From the discussion above, it is reasonable to suggest that HRS1 is necessary for maintaining a normal level of ABA signaling in germinating embryo axis. Furthermore, HRS1 may act upstream of ABI3, 4 and 5, because the enhanced ABA signaling in hrs1-1 germinating embryo axis required the three genes. Although we detected certain functional similarity and additive interactions among HRS1, ABI1 and HAB1 in negatively regulating ABA signaling during seed germination, further work is needed to investigate if the three genes may act through overlapping or independent pathways. Nevertheless, HRS1 may not be as potent as ABI1 in the negative regulation of ABA signaling during seed germination on ABA containing medium, because 1) the decrease of germination rate exhibited by abi1-2 was significantly larger than that by hrs1-1, 2) the mutation of HRS1 in abi1-2 background did not further decrease germination rate as compared to that of abi1-2, and 3) the IC50 value of ABA was substantially higher for hrs1-1 than for abi1-2. Since the germination rate of hab1-1abi1-2 was significantly lower than that of hrs1-1abi1-2 on either normal or ABA containing media, it is possible that HAB1 may also be a stronger negative regulator of ABA signaling than HRS1 during Arabidopsis seed germination. However, this possibility needs to be verified by more detailed comparisons of the germination behavior between hrs1-1 and hab1-1 in future research. Because of its dynamic expression and function in germinating embryo axis (revealed in this work) and potential transcription repression activity demonstrated previously , HRS1 is unique from the formerly characterized negative regulators of ABA signaling that encode type 2C protein phosphatases (such as ABI1 and HAB1). Together, the features described above also make HRS1 distinct from RACK1, AZF2 and MFT, which have recently been found to participate in the negative regulation of ABA signaling during Arabidopsis seed germination –, but encode protein products that are very different from that specified by HRS1.
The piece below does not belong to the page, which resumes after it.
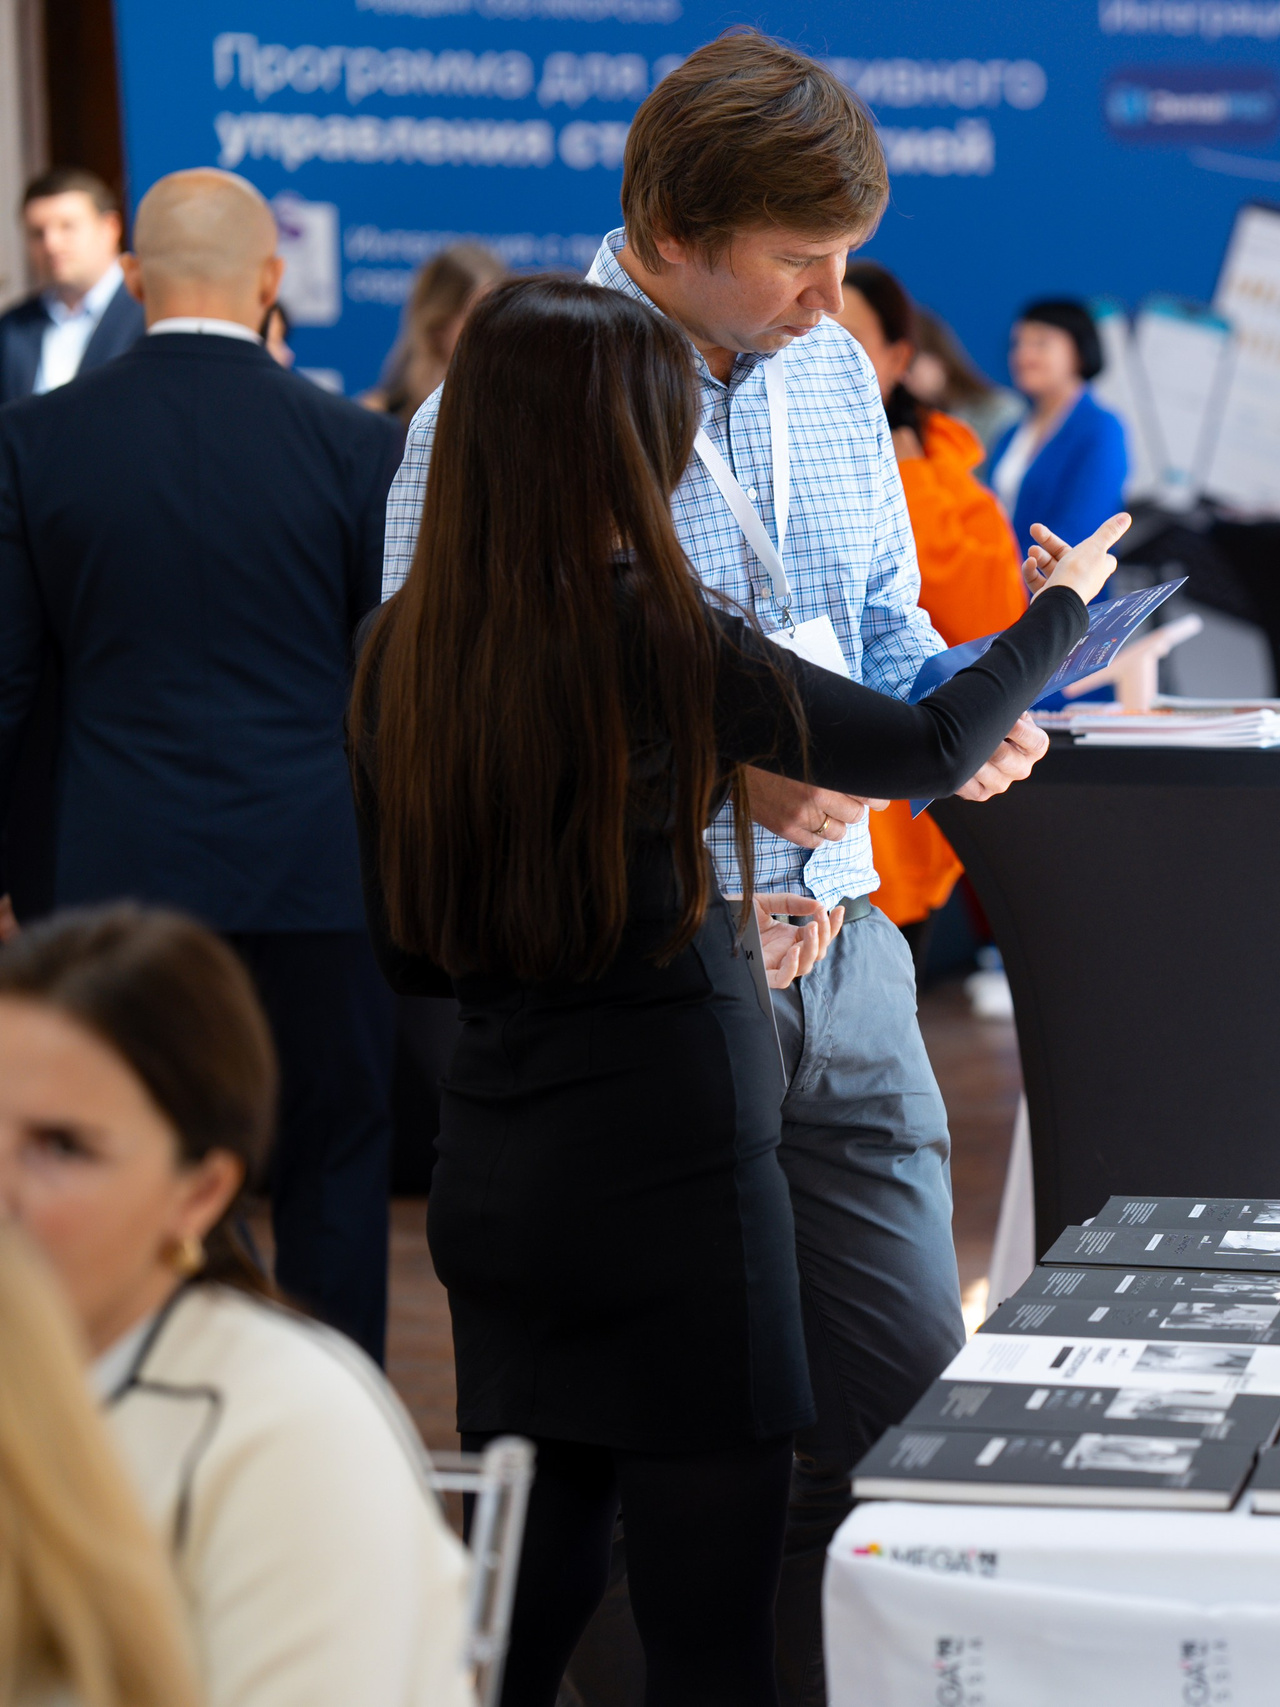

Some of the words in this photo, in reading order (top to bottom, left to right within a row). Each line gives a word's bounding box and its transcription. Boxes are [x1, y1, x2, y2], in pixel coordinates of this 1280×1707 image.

[214, 35, 532, 101] Программа
[540, 53, 647, 108] для
[215, 112, 552, 170] управления
HRS1 may facilitate proper elongation of the cells located in lower hypocotyl and transition zone and normal function of plasmalemma H+-ATPase during seed germination
In agreement with earlier work , we found that the cells located in LH and TZ were the ones undergoing elongation and contributed to the growth of embryo axis (as indicated by increases in the size of LH and TZ) and radicle emergence during the germination of WT seeds. But, more importantly, we uncovered for the first time that the loss of HRS1 function impaired not only the elongation of LH and TZ cells but also the growth of embryo axis in hrs1-1 seeds germinating on 1/2 MS medium. We further showed that the level of plasmalemma H+-ATPase activity was significantly reduced in hrs1-1 germinating seeds (as compared to that in WT controls). Because the defective elongation of LH and TZ cells, the decrease of plasmalemma H+-ATPase activity, and the transient delay exhibited by hrs1-1 seed germination were all corrected in CP lines, it is highly likely that the facilitation of LH and TZ cell elongation and plasmalemma H+-ATPase function may be important for the regulation of seed germination by HRS1. This proposition is consistent with the finding that HRS1 was predominantly expressed in embryo axis cells (including those in LH and TZ regions) during the main course of seed germination. It is also supported by the following lines of physiological evidence generated in this work. First, the treatment with a cell elongation inhibitor (mannitol) decreased the germination rate of hrs1-1 more steeply than that of WT control. Second, the germination rate of hrs1-1 was more strongly lowered than that of WT control by the application of the inhibitors of plasmalemma H+-ATPase (Na3VO4 or DES). Finally, the supply of an activator of plasmalemma H+-ATPase (FC) almost completely mitigated the transient delay of hrs1-1 germination on 1/2 MS medium.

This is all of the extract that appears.